I'm an estate planning and asset protection attorney here in Wisconsin and today's question comes from Stevens Point, Wisconsin and the reader asked the following -
"Can the proceeds from the sale of one house in an irrevocable trust be used to make improvement on another house in the trust? We have three houses in an irrevocable trust. We live in one, daughter lives in one and granddaughter in the third. At time of forming trust, we understood if one of the houses was sold, improvements could be made to the other two. Time has come to sell one and checking to be sure this is correct; trust was formed 01-15-15."

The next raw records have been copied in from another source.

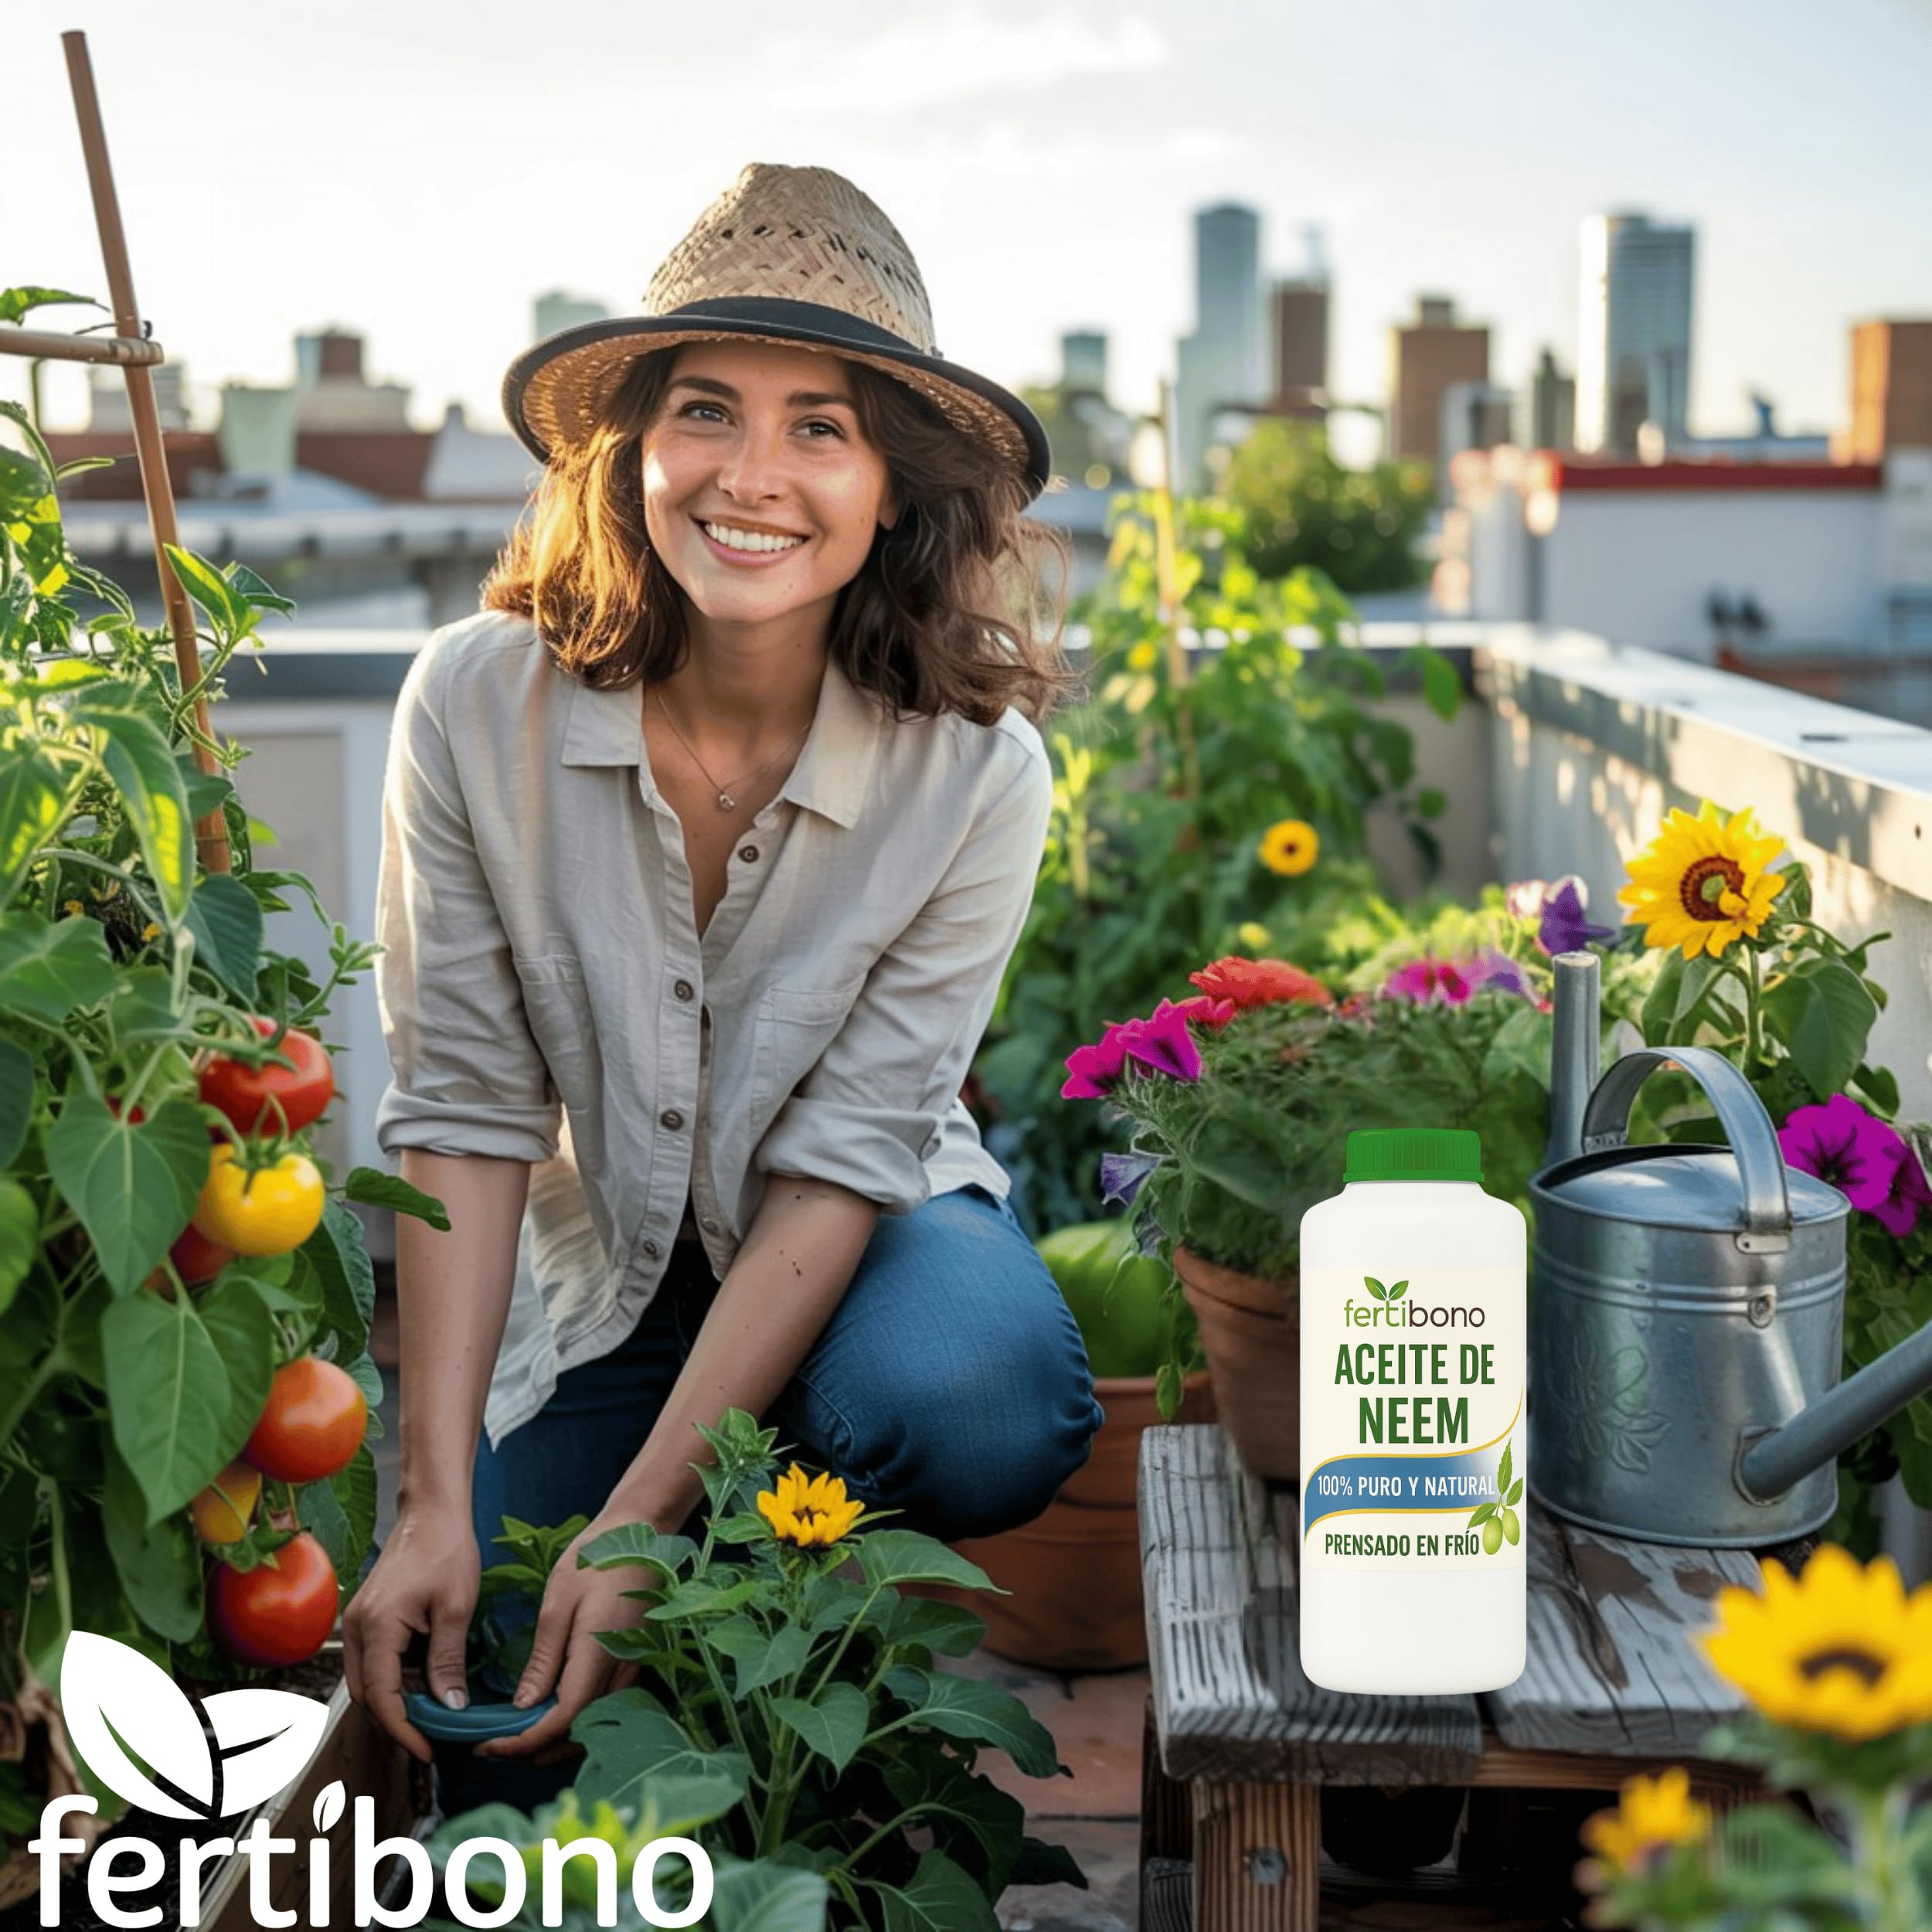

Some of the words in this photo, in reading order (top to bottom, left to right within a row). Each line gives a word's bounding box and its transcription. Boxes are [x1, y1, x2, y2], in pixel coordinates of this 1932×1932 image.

[1343, 1298, 1485, 1328] fertibono
[1334, 1343, 1447, 1385] ACEITE
[1460, 1344, 1495, 1385] DE
[1359, 1396, 1468, 1444] NEEM
[1318, 1475, 1352, 1496] 100%
[1358, 1476, 1402, 1497] PURO
[1408, 1477, 1419, 1496] Y
[1424, 1476, 1495, 1496] NATURAL
[1325, 1533, 1410, 1556] PRENSADO
[1417, 1535, 1439, 1556] EN
[1444, 1529, 1480, 1556] FRÍO

So it's important that you knew to ask this question before proceeding because this is a complicated area of law. It sounds like you set up an irrevocable trust and place three properties inside of it, possibly for asset protection. So first of all, if I were your attorney, I would examine the trust document in question. So if you have a copy of the trust, you should, you can go look at it yourself and see if there's a power inside the trust to buy or sell assets or substitute trust property. Now most of the trusts I draft, I include this power for the trustee. So if this was a trust I drafted, that included this power, this means that as long as the three houses are all inside the trust, you could sell one house and then keep those funds inside the irrevocable trust and use them to improve the other two houses still inside the irrevocable trust or in my example, you could keep the money inside the trust and buy a third house but it sounds like what you want to do is sell house number three and use the cash to improve houses one and two. Now assuming the trust, the irrevocable trust has the power for the trustee to buy or sell trust assets and that you keep the money inside the irrevocable trust, you should be able to do this but again, it's going to depend on the language of your specific trust because each trust is different and it depends how it was drafted.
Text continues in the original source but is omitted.